My advisors are developing an overall National Space Policy which I will outline in full later in the year. This policy will establish basic goals for the U.S. space program, which will include: to strengthen the security of the United States, maintain United States space leadership, expand United States private sector investment and involvement in civil space and space-related activities, and to promote international cooperative activities in the national interest. As we look to the future, we must begin to secure leadership in space through the end of the century and beyond. The way to do that is to set a fruitful new direction for the space program, one which will make the best use of our present capabilities, in chemical rocket technology and our ability to live and work for long periods in space. And the time to do it is now.

Tonight, against the background of the forthcoming space policy, I am directing NASA to proceed with the preparation of a manned mission to Mars, and to do it within five years. Such a mission will permit quantum leaps in our research in science and communications, and our understanding of the nature of our universe.

Just as the oceans opened up a new world for clipper ships and Yankee traders, space holds enormous potential for commerce today…

Source: Public Papers of the Presidents of the United States: Ronald Reagan, 1981 (Washington, DC: Government Printing Office, 1981), p.362.

Thursday, April 16, 1981

NASA HEADQUARTERS, WASHINGTON, DC

Michaels called Tim Josephson into his office. He had loosened his tie and broken open a fresh bottle of his favorite Kentucky bourbon. But there was little mood of celebration, as the two of them sat there sipping their drinks in the half-light; Michaels seemed more exhausted than Josephson had ever seen him.

Josephson raised his glass. “Here’s to you, Fred. You’ve done one hell of a job, these last few weeks.”

Michaels drank. “Yeah. Yeah, so I have. Well, we’ve gotten our announcement out of Reagan.

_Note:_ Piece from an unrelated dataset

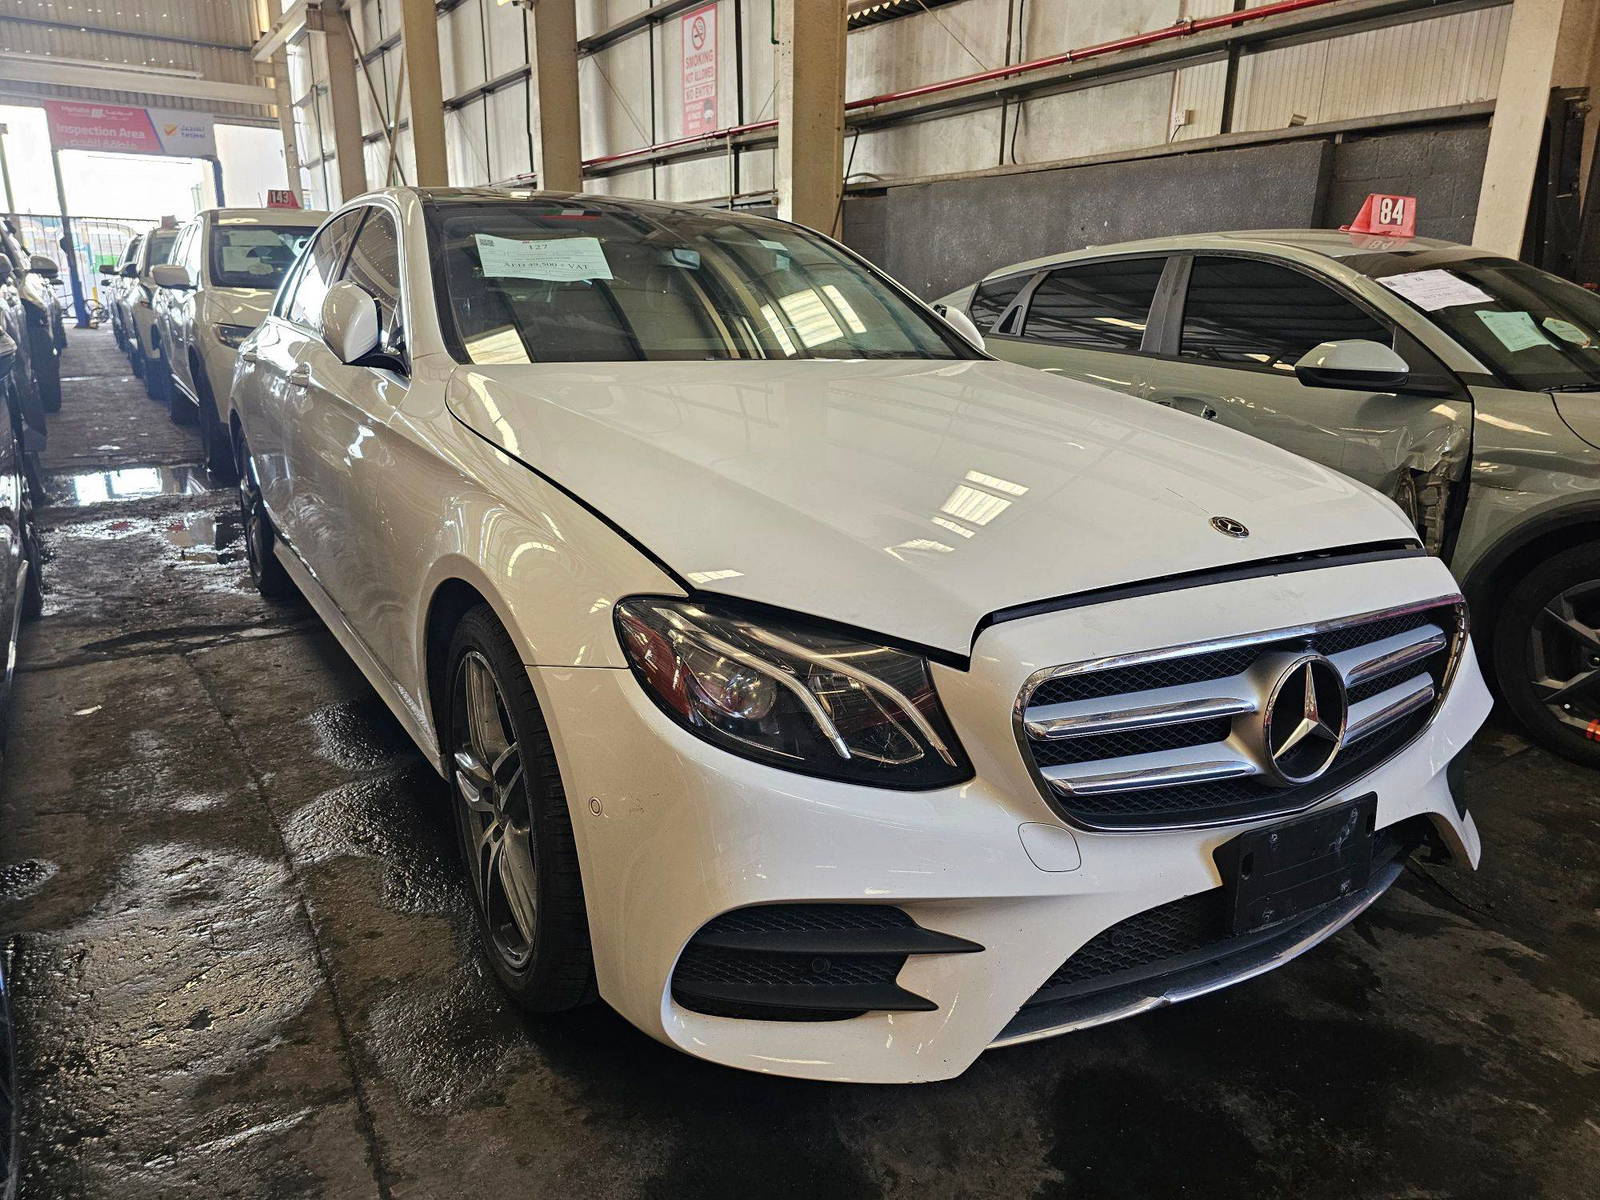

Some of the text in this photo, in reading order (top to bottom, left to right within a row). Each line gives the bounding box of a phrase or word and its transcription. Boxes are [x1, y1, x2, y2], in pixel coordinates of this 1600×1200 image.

And when I go, I’ll take most of the blame for Apollo-N with me, away from NASA.”

“Fred—”

“That’s my job now, Tim,” Michaels said, his voice harder. “My last assignment. It’s the way these things work. But the biggest job lies ahead, still. Delivering this thing.” He eyed Josephson. “And that’s going to be a job you’ll have to handle yourself, Tim. I’ve already made my recommendation to the White House.”

Josephson had been expecting this, but still, panic spurted briefly in him. “I’m — delighted by your faith in me, Fred. But, am I the right guy? Hell, I’m a backroom boy. A functionary; a natural follower.”

“Jesus Christ, don’t you think I know that?” Michaels snapped. “But I also know there’s no better candidate available. You’re just going to have to overcome your weaknesses, Tim. You’ll get there if you work at it.”

Josephson hid a smile behind his glass. “Thanks, Fred. Hell, I’m going to miss you.”

“And I want you to lean on Muldoon. Use him. The two of you should make a hell of a team.”